Activity:
From the first line to the last, copy the data below word for word.

The data:

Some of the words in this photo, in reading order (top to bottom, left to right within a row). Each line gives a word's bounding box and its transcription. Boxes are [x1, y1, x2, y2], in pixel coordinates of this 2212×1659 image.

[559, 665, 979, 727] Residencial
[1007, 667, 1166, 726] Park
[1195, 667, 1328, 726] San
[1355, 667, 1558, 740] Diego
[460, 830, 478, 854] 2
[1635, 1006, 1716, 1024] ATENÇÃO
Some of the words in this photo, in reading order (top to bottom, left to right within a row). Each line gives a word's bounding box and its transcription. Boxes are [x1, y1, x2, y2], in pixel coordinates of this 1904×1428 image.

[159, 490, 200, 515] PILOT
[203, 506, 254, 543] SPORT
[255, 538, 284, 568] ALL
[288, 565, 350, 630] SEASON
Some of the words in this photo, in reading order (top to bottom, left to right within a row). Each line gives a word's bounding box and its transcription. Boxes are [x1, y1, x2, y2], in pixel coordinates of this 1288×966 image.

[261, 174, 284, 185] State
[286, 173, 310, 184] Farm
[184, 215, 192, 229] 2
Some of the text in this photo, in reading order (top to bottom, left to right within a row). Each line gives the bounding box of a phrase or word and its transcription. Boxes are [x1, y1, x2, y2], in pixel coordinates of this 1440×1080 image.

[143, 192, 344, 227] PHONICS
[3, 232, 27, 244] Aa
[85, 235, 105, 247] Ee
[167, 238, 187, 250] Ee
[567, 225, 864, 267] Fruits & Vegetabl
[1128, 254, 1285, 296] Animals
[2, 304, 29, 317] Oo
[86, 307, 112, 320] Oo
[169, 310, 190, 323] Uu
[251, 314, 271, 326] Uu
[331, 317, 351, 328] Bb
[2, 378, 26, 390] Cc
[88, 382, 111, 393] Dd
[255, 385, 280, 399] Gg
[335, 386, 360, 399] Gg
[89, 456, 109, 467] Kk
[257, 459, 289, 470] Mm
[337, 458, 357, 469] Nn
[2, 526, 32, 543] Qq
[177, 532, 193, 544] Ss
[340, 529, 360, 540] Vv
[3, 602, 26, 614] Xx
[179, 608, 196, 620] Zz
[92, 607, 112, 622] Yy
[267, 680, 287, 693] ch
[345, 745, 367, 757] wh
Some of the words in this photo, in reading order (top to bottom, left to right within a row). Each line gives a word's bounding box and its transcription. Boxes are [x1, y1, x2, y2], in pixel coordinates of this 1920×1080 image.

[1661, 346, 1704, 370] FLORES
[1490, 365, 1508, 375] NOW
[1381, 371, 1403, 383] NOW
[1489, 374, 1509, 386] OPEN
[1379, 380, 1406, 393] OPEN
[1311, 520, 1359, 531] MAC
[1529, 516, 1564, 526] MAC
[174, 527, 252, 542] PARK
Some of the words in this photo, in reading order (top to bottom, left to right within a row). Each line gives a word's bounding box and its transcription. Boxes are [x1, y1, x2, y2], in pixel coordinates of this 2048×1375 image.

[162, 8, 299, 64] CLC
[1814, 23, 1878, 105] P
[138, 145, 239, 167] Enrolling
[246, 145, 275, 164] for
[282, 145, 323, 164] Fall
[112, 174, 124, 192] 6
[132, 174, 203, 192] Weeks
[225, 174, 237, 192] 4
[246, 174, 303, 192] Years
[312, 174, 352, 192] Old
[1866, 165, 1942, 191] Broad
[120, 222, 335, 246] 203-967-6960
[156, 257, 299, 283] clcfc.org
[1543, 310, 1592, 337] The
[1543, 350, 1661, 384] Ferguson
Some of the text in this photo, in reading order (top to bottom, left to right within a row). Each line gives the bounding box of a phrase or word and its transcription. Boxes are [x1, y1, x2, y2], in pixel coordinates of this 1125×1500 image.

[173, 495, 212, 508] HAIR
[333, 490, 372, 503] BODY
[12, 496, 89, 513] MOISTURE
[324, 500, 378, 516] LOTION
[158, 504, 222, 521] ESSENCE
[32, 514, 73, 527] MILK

Solution to this problem:
Some of the words in this photo, in reading order (top to bottom, left to right within a row). Each line gives a word's bounding box and its transcription. Boxes are [x1, y1, x2, y2], in pixel coordinates of this 2212×1659 image.

[559, 665, 979, 727] Residencial
[1007, 667, 1166, 726] Park
[1195, 667, 1328, 726] San
[1355, 667, 1558, 740] Diego
[460, 830, 478, 854] 2
[1635, 1006, 1716, 1024] ATENÇÃO
Some of the words in this photo, in reading order (top to bottom, left to right within a row). Each line gives a word's bounding box and its transcription. Boxes are [x1, y1, x2, y2], in pixel coordinates of this 1904×1428 image.

[159, 490, 200, 515] PILOT
[203, 506, 254, 543] SPORT
[255, 538, 284, 568] ALL
[288, 565, 350, 630] SEASON
Some of the words in this photo, in reading order (top to bottom, left to right within a row). Each line gives a word's bounding box and its transcription. Boxes are [x1, y1, x2, y2], in pixel coordinates of this 1288×966 image.

[261, 174, 284, 185] State
[286, 173, 310, 184] Farm
[184, 215, 192, 229] 2
Some of the text in this photo, in reading order (top to bottom, left to right within a row). Each line gives the bounding box of a phrase or word and its transcription. Boxes are [x1, y1, x2, y2], in pixel coordinates of this 1440×1080 image.

[143, 192, 344, 227] PHONICS
[3, 232, 27, 244] Aa
[85, 235, 105, 247] Ee
[167, 238, 187, 250] Ee
[567, 225, 864, 267] Fruits & Vegetabl
[1128, 254, 1285, 296] Animals
[2, 304, 29, 317] Oo
[86, 307, 112, 320] Oo
[169, 310, 190, 323] Uu
[251, 314, 271, 326] Uu
[331, 317, 351, 328] Bb
[2, 378, 26, 390] Cc
[88, 382, 111, 393] Dd
[255, 385, 280, 399] Gg
[335, 386, 360, 399] Gg
[89, 456, 109, 467] Kk
[257, 459, 289, 470] Mm
[337, 458, 357, 469] Nn
[2, 526, 32, 543] Qq
[177, 532, 193, 544] Ss
[340, 529, 360, 540] Vv
[3, 602, 26, 614] Xx
[179, 608, 196, 620] Zz
[92, 607, 112, 622] Yy
[267, 680, 287, 693] ch
[345, 745, 367, 757] wh
Some of the words in this photo, in reading order (top to bottom, left to right within a row). Each line gives a word's bounding box and its transcription. Boxes are [x1, y1, x2, y2], in pixel coordinates of this 1920×1080 image.

[1661, 346, 1704, 370] FLORES
[1490, 365, 1508, 375] NOW
[1381, 371, 1403, 383] NOW
[1489, 374, 1509, 386] OPEN
[1379, 380, 1406, 393] OPEN
[1311, 520, 1359, 531] MAC
[1529, 516, 1564, 526] MAC
[174, 527, 252, 542] PARK
Some of the words in this photo, in reading order (top to bottom, left to right within a row). Each line gives a word's bounding box and its transcription. Boxes are [x1, y1, x2, y2], in pixel coordinates of this 2048×1375 image.

[162, 8, 299, 64] CLC
[1814, 23, 1878, 105] P
[138, 145, 239, 167] Enrolling
[246, 145, 275, 164] for
[282, 145, 323, 164] Fall
[112, 174, 124, 192] 6
[132, 174, 203, 192] Weeks
[225, 174, 237, 192] 4
[246, 174, 303, 192] Years
[312, 174, 352, 192] Old
[1866, 165, 1942, 191] Broad
[120, 222, 335, 246] 203-967-6960
[156, 257, 299, 283] clcfc.org
[1543, 310, 1592, 337] The
[1543, 350, 1661, 384] Ferguson
Some of the text in this photo, in reading order (top to bottom, left to right within a row). Each line gives the bounding box of a phrase or word and its transcription. Boxes are [x1, y1, x2, y2], in pixel coordinates of this 1125×1500 image.

[173, 495, 212, 508] HAIR
[333, 490, 372, 503] BODY
[12, 496, 89, 513] MOISTURE
[324, 500, 378, 516] LOTION
[158, 504, 222, 521] ESSENCE
[32, 514, 73, 527] MILK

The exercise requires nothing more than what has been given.